Christians in Jaunpur district said on September 10 that the move showed religious bias and was an attempt to terrorise Christians. Police in the district filed the charges against 271 Christians of a Pentecostal church after being directed to do so by a local court.
The court directive followed a complaint lodged by activist group Hindu Jagran Manch that Christians were propagating misinformation about the Hindu religion and attempting to convert people during Sunday services. The Hindu group said it went to court after the Christians refused to stop conducting Sunday prayer services despite repeated warnings.
Attacks in Nigeria
Christians in Nigeria have called on their government to respond to a surge in attacks by Fulani herdsman, such as a Mbalom church shooting that killed nearly 20 people.
Protestant and Catholic organizations launched unprecedented public protests, including one in May to correspond with a mass burial for recent victims, and demanded that President Muhammadu Buhari stop the violent cattle owners, who are mostly Muslim.

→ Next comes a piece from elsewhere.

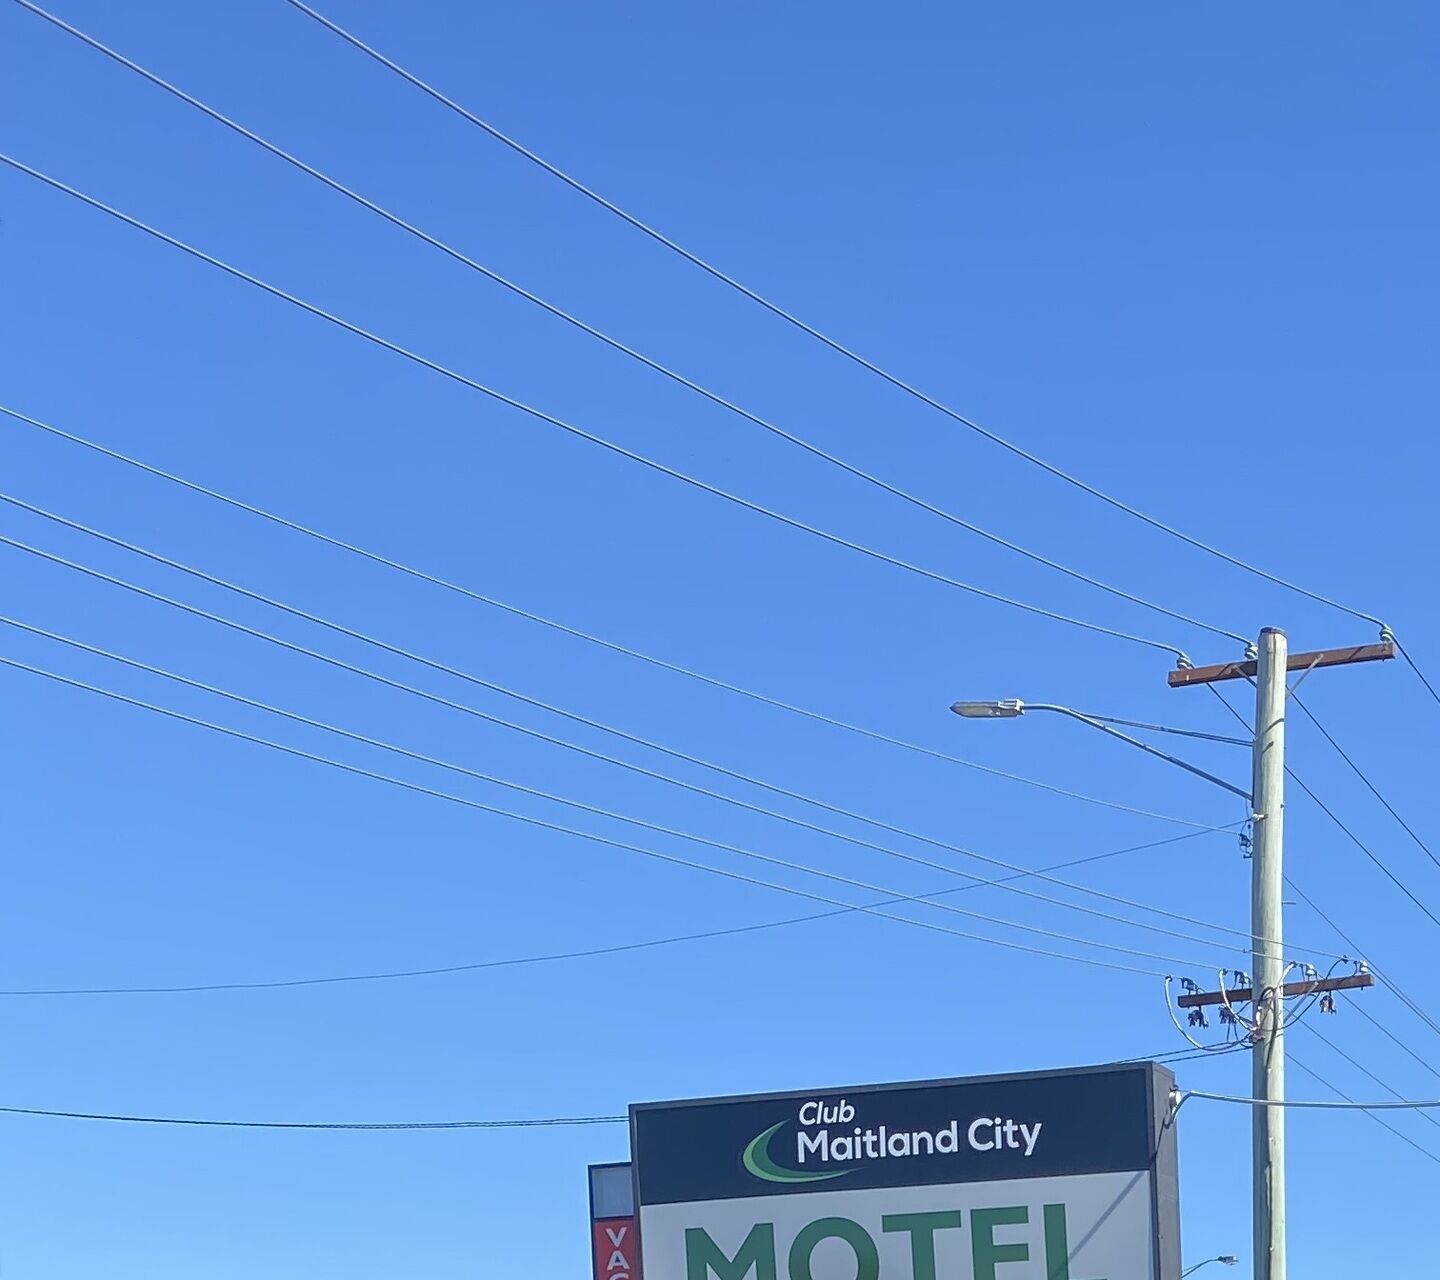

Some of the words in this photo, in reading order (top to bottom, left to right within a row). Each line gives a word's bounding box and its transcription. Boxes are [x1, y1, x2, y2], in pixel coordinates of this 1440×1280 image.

Fulani attacks, mostly occurring in the “middle belt” between Nigeria’s predominantly Christian south and predominantly Muslim north, have begun to outpace violence by Islamist terrorist group Boko Haram, whose own death toll has eclipsed ISIS’s.
Copts hold funerals in street
Coptic Christians in various parts of Egypt have been left with no choice but to hold funeral services in the streets because of the closure of their churches.
Coptic news site Watani reported on a street funeral recently in the village of Dimshau Hashim, where the houses of Copts came under attack by a mob protesting against Copts gathering to pray in one of the Copt’s homes, since there is no village church.
According to World Watch Monitor’s local source, around the same time a funeral service for a Coptic woman was held in the streets of the village of Abu Greer, as again there is no church in the village, nor any nearby.
Similarly, in Asyut governorate Copts in Qasr Haidar held a street funeral after the village church was closed following protests by Muslims. In the same governorate, a funeral service of a Coptic man was held outside St Moses Church in the town of Dairout. The church was closed 20 years ago and since then the Christian community has not been able to receive a permit for its re-opening.
World Watch Monitor
Bibles finally cleared in Sudan
The Sudanese government has cleared a shipment of Bibles believed to have been held in Port Sudan for six years. The Arabic-language Bibles were transported to the capital, Khartoum, after years of appeals by church leaders, a local source told World Watch Monitor.
“Since 2011, government customs officials have delayed the clearing of several shipments of Arabic Bibles via Port Sudan, without explanation,” the source said, adding that it had left Bibles decaying in shipping containers at the port while the approximate 2 million Christians in the country were facing a serious shortage of Bibles and teaching materials.
Sudan is fourth on the 2018 Open Doors World Watch List of the 50 countries where it is most difficult to live as a Christian. It is also a “country of particular concern” for the US Commission on International Religious Freedom (USCIRF), an independent, bipartisan advisory body.
In 2011, Sudan’s president, Omar al-Bashir, said he wanted to adopt a
“100%” Islamic constitution after the Christian-majority south had voted to secede. Since then, foreign missionaries have been expelled, churches confiscated or demolished, and leaders harassed and arrested.